Sen. Thom Tillis (R-N.C.) announced Thursday he will introduce a measure to restrict federal funds to states that block candidates’ ballot access as soon as Congress returns to session early next year, after Maine’s secretary of state decided to block former President Donald Trump from the ballot.
The measure would amend the Help America Vote Act of 2002 to bar federal funds for election administration for states that use the U.S. Constitution’s 14th Amendment for “political purposes” and for “other purposes,” according to text of the bill.
It would also clarify that only the U.S. Supreme Court possesses the “sole jurisdiction” to make decisions on 14th Amendment cases.
“Regardless of whether you support or oppose former President Donald Trump, it is outrageous to see left-wing activists make a mockery of our political system by scheming with partisan state officials and pressuring judges to remove him from the ballot,” Mr. Tillis said in a news release after the Colorado court’s ruling.
“American voters, not partisan activists, should decide who we elect as our President,“ Tillis continued. ”The Constitutional Election Integrity Act would put any constitutional challenges in the sole place they belong: the U.S. Supreme Court.”
The Colorado case appears likely to reach the Supreme Court, after Republicans filed an appeal with the high court against the Colorado judges’ decision. But similar cases have already made their way through multiple courts in several other states, challenging President Trump’s right to run for office under the Fourteenth Amendment’s Section 3.
The challenges are being filed under a provision in the U.S. Constitution banning officials who have engaged in “insurrection” from holding public office. However, the former president has not been charged with or convicted of insurrection.
Passed after the U.S. Civil War, Section 3 bars anyone from holding public office if they engaged in “insurrection or rebellion” after previously swearing an oath in support of the United States. The provision was enacted in 1868 to prevent former members of the Confederacy from serving in the U.S government.
Left-wing groups and some anti-Trump voters have brought legal challenges to President Trump’s 2024 presidential campaign in several states based on this section, arguing that Capitol breach during the Jan. 6, 2021, “Stop the Steal” rally constituted an insurrection and that President Trump was involved.
Maine’s top election official, Democrat Shenna Bellows, granted a challenge from a group of former state lawmakers who argued that President Trump, the frontrunner for the Republican presidential nomination, was not qualified to serve as president again under Section 3. She ordered President Trump to be kept off the ballot for the March 5 Republican primary but put her ruling on hold to allow him to appeal to a state court.
Colorado is viewed as a safely Democratic state in the November 2024 general election, meaning President Joe Biden would be expected to carry the state regardless of whether President Trump is on the ballot. However, President Trump won one of Maine’s electors during the 2020 election, meaning Ms. Bellows’ actions could be more consequential.

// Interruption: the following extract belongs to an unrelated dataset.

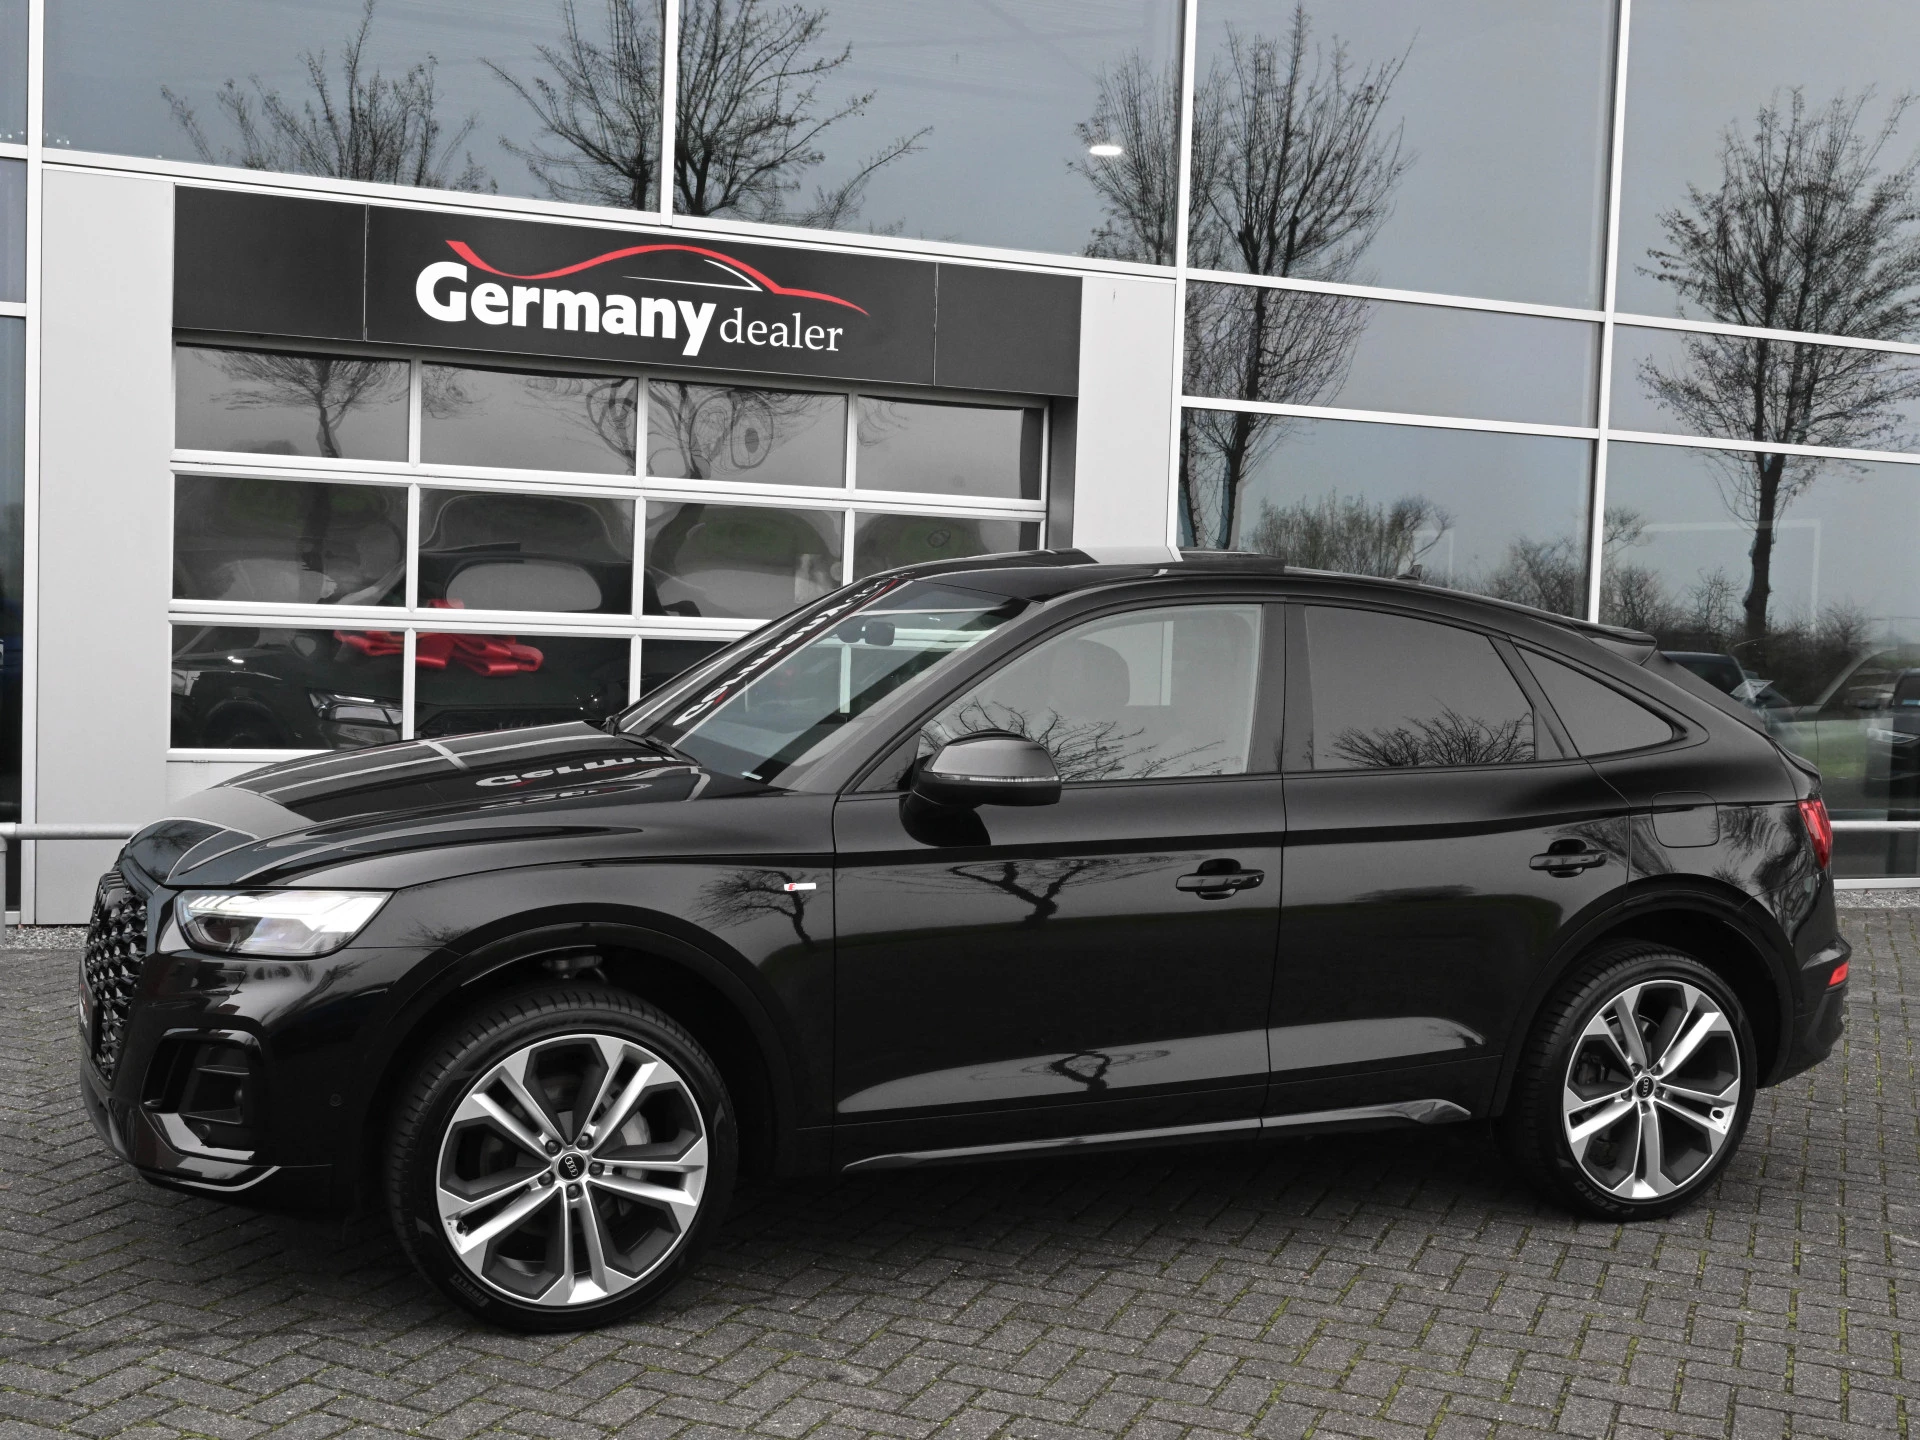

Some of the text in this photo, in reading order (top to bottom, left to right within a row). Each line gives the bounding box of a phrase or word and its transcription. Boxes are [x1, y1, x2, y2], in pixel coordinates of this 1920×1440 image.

[415, 261, 843, 356] Germany dealer
[1573, 1180, 1620, 1212] ZERO
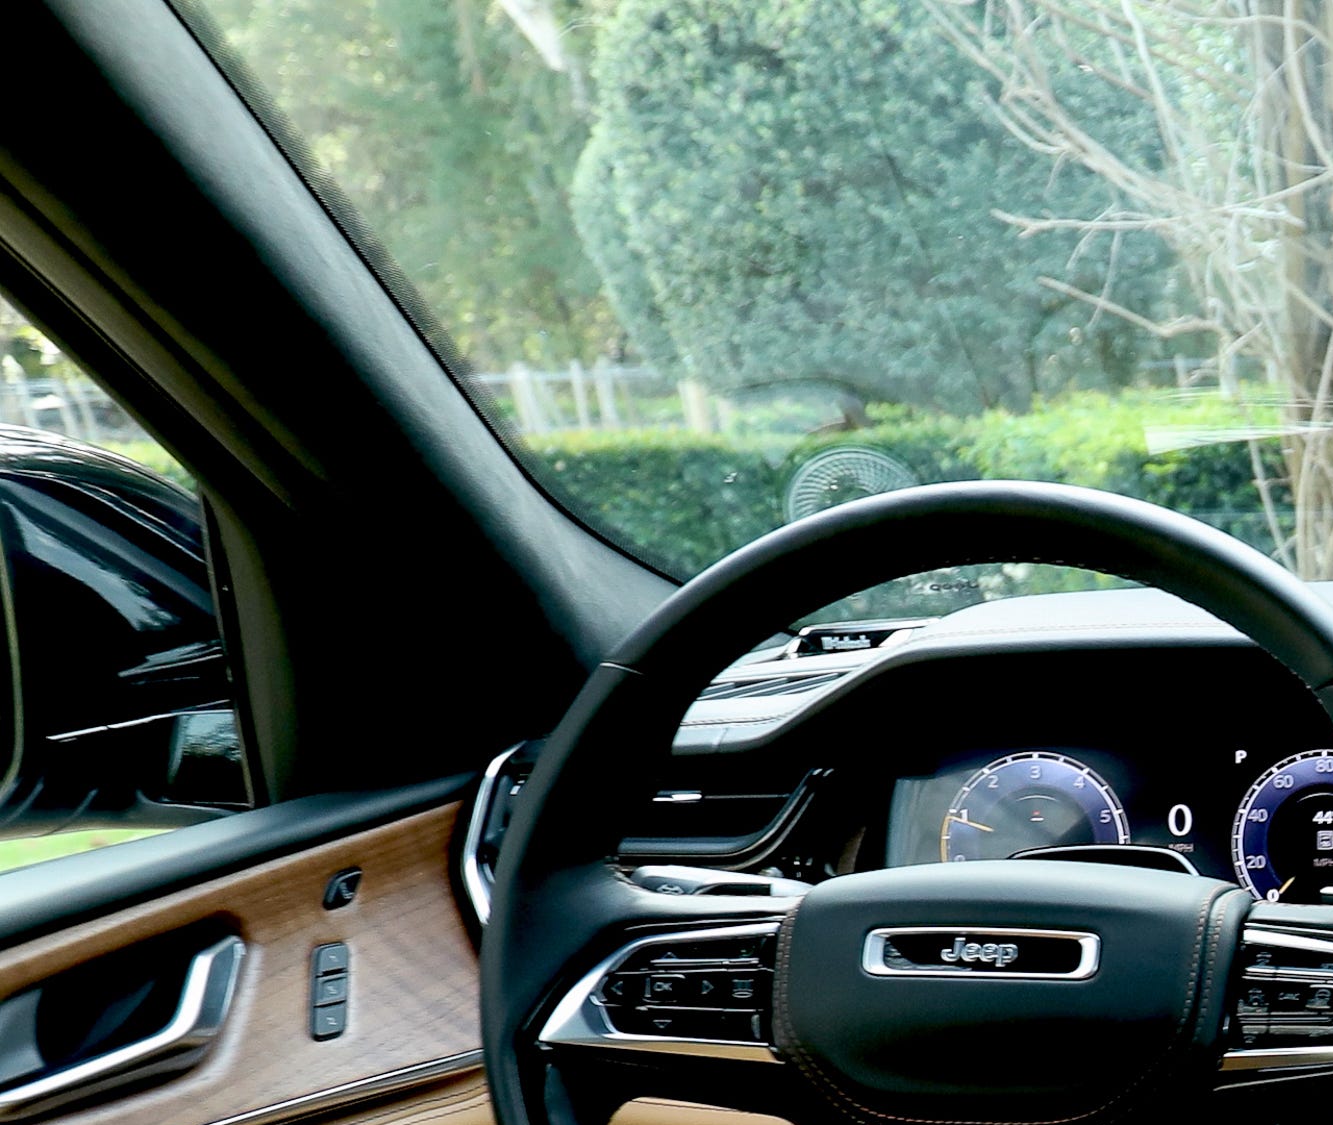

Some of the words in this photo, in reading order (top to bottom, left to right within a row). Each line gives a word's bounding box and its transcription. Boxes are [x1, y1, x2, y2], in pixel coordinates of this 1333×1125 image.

The court paused its ruling to allow President Trump to appeal to the U.S. Supreme Court, which the former president indicated he would do. The Colorado Republican Party filed its own appeal to the Supreme Court on Dec. 27, clearing a path for President Trump to remain on the primary ballot despite the state court ruling.
President Trump and his allies have criticized disqualification cases as undemocratic and part of a conspiracy by his political rivals to keep him out of office. His lawyers have argued that only Congress can enforce Section 3 and that presidents are not subject to disqualification. A lower court judge in Colorado agreed that Section 3 does not apply to presidents before that ruling was overturned by the state’s top court.
Meanwhile, his attorneys have said that he didn’t engage in insurrection, saying he was exercising his First Amendment right to free speech on the day of the Jan. 6 protest. The former president has often noted that he told protesters that day to “peacefully and patriotically” demonstrate, while the insurrection claims have been mainly foisted by Democratic lawmakers and corporate news pundits.